### DESCRIPTION OF THE TASK
Output the entries word for word. Omit images.

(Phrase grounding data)
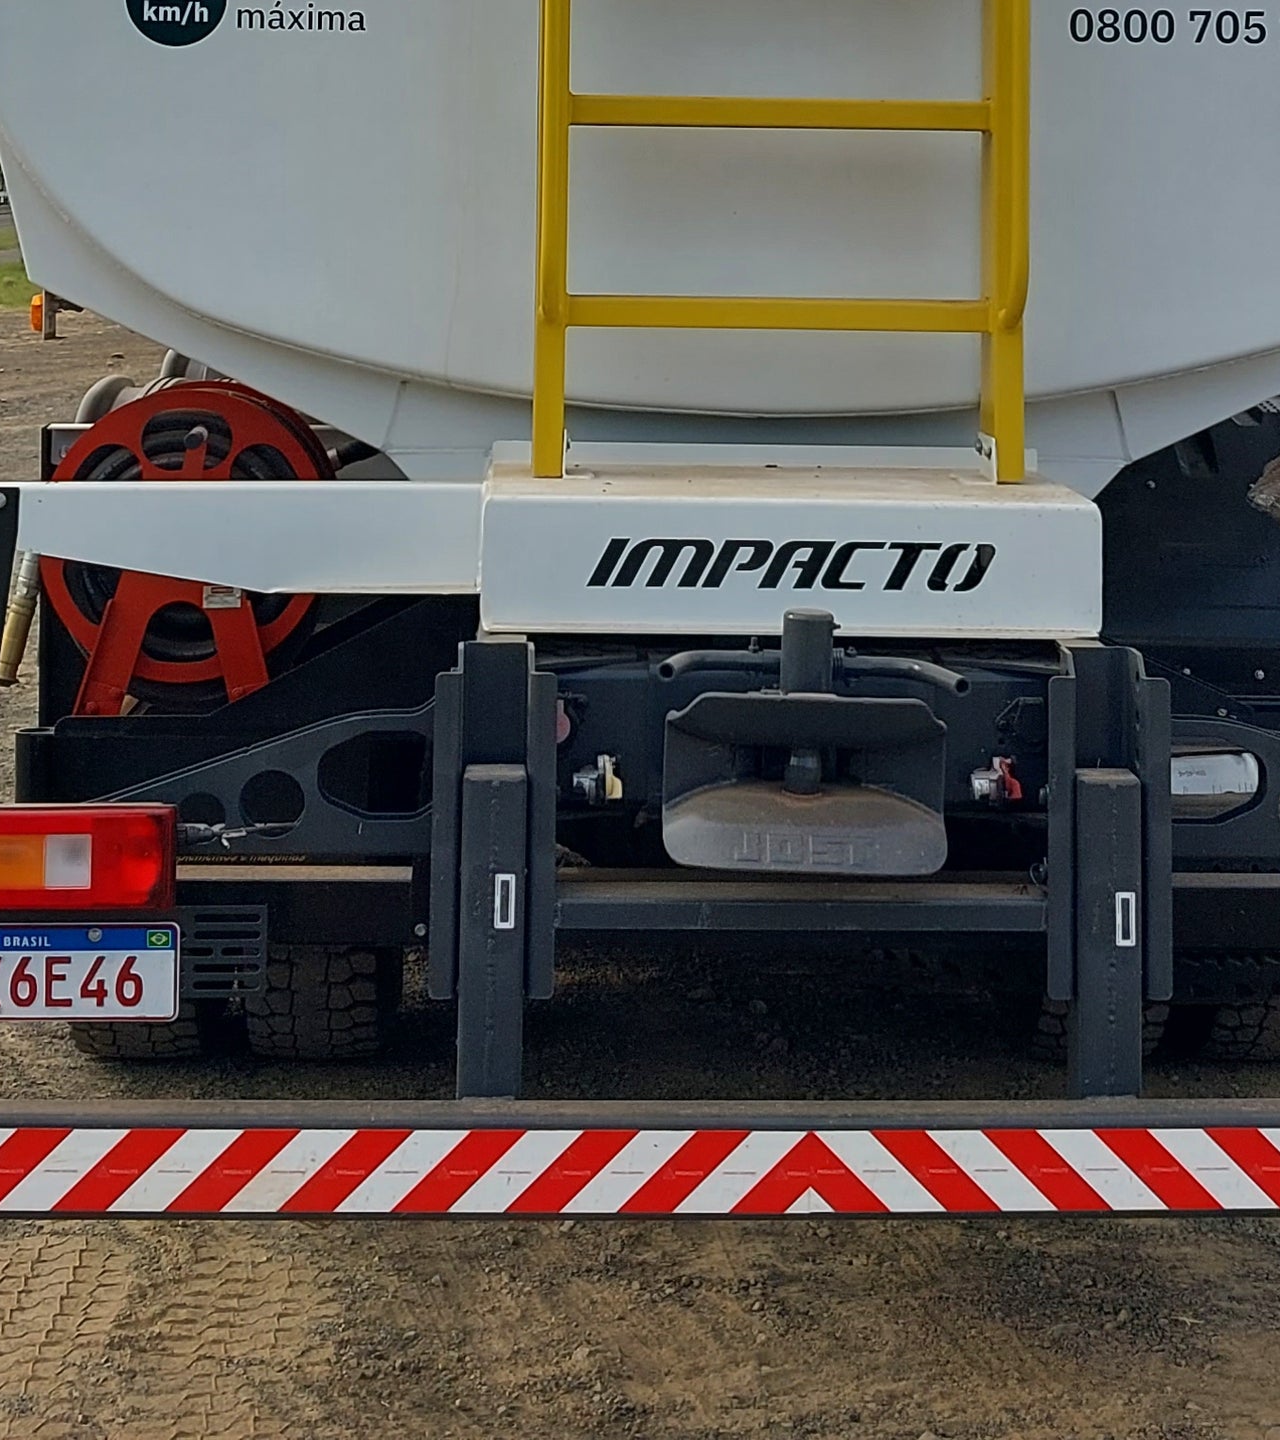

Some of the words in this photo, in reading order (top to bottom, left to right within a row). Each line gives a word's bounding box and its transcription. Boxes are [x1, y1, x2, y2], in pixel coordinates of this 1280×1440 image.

[143, 1, 209, 26] km/h
[238, 1, 365, 31] máxima
[1070, 9, 1174, 43] 0800
[1190, 11, 1266, 43] 705
[587, 539, 995, 591] IMPACTO
[3, 936, 51, 948] BRASIL
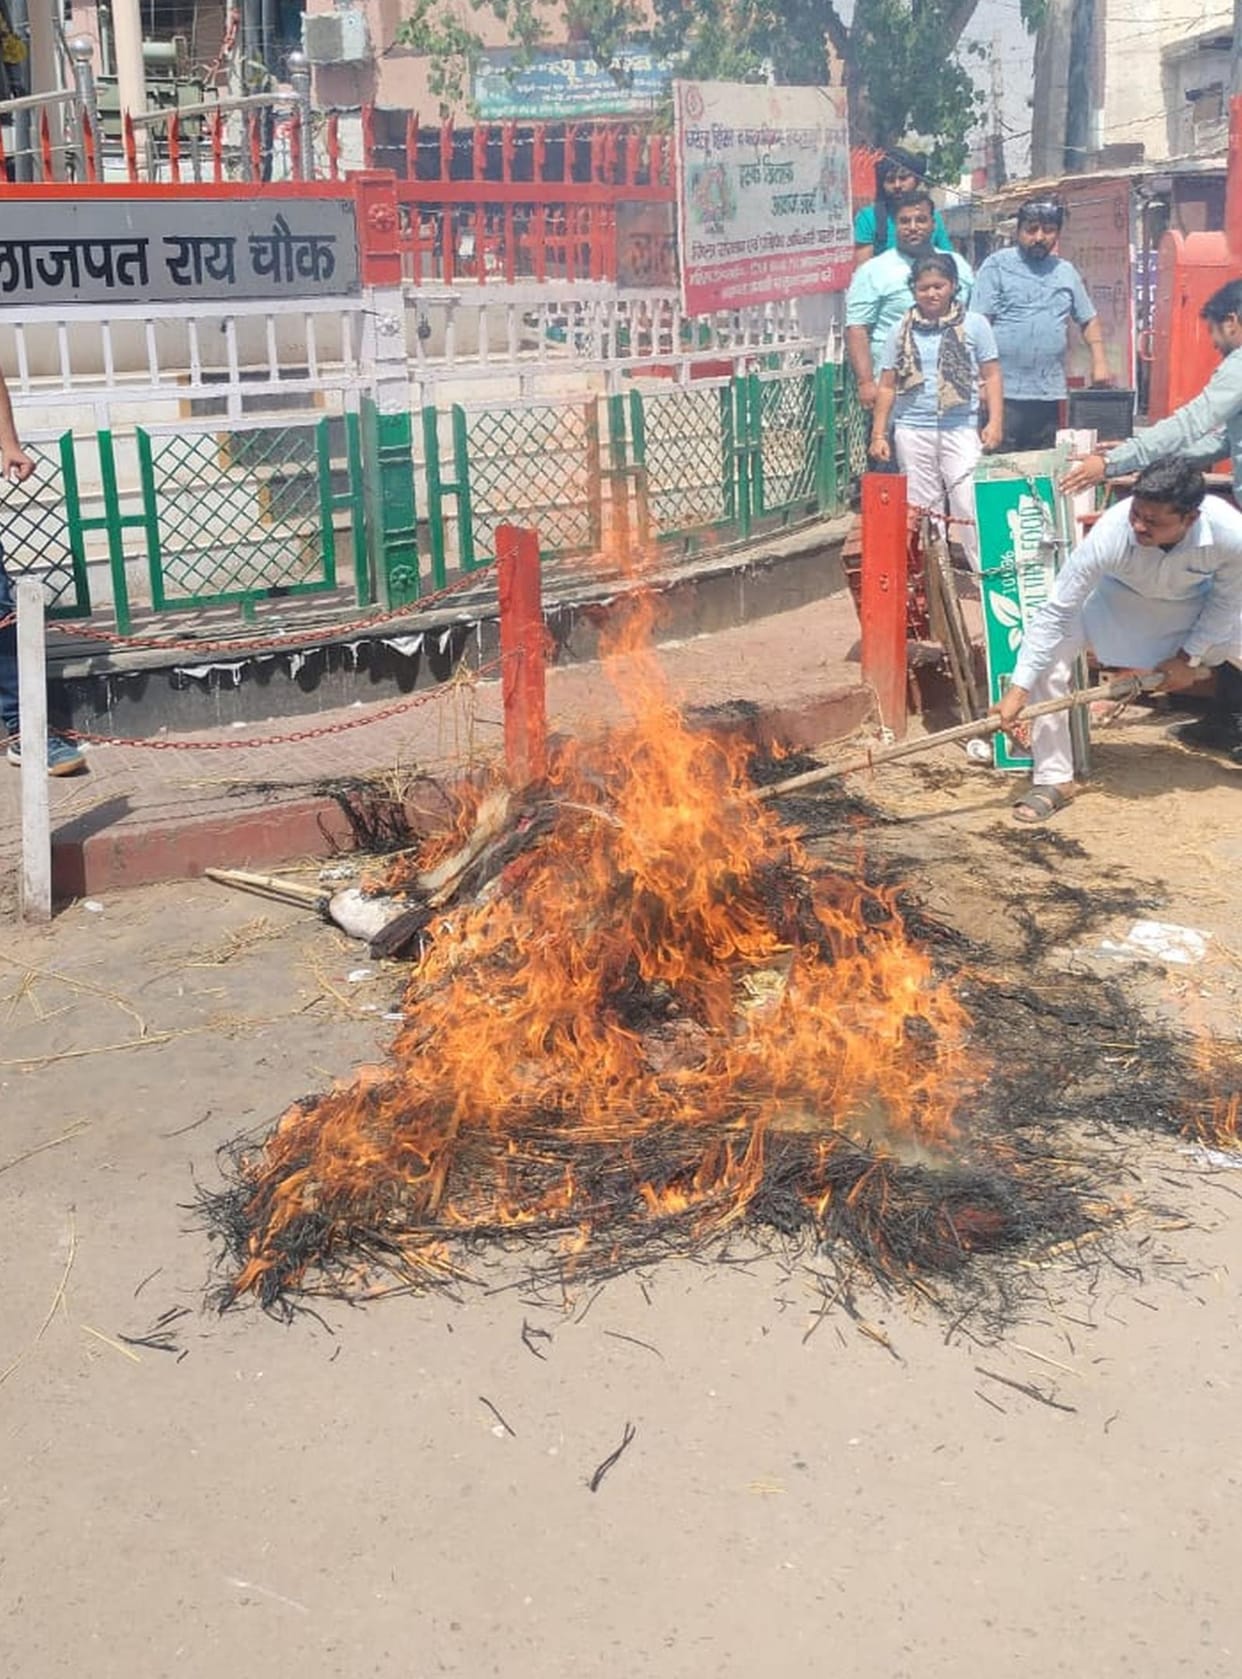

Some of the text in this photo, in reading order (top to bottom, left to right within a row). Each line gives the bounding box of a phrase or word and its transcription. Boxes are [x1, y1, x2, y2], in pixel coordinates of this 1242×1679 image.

### ANSWER FOR THIS EXERCISE
Some of the words in this photo, in reading order (top to bottom, left to right within a row). Each line gives a word's bounding box and its transcription. Boxes are [x1, y1, x2, y2], in pixel coordinates of this 1280×1440 image.

[143, 1, 209, 26] km/h
[238, 1, 365, 31] máxima
[1070, 9, 1174, 43] 0800
[1190, 11, 1266, 43] 705
[587, 539, 995, 591] IMPACTO
[3, 936, 51, 948] BRASIL

Some of the text in this photo, in reading order (top to bottom, left to right within a row). Each line gives the bounding box of a phrase or word and its transcription. Boxes are [x1, y1, x2, y2], in pixel coordinates of this 1242×1679 image.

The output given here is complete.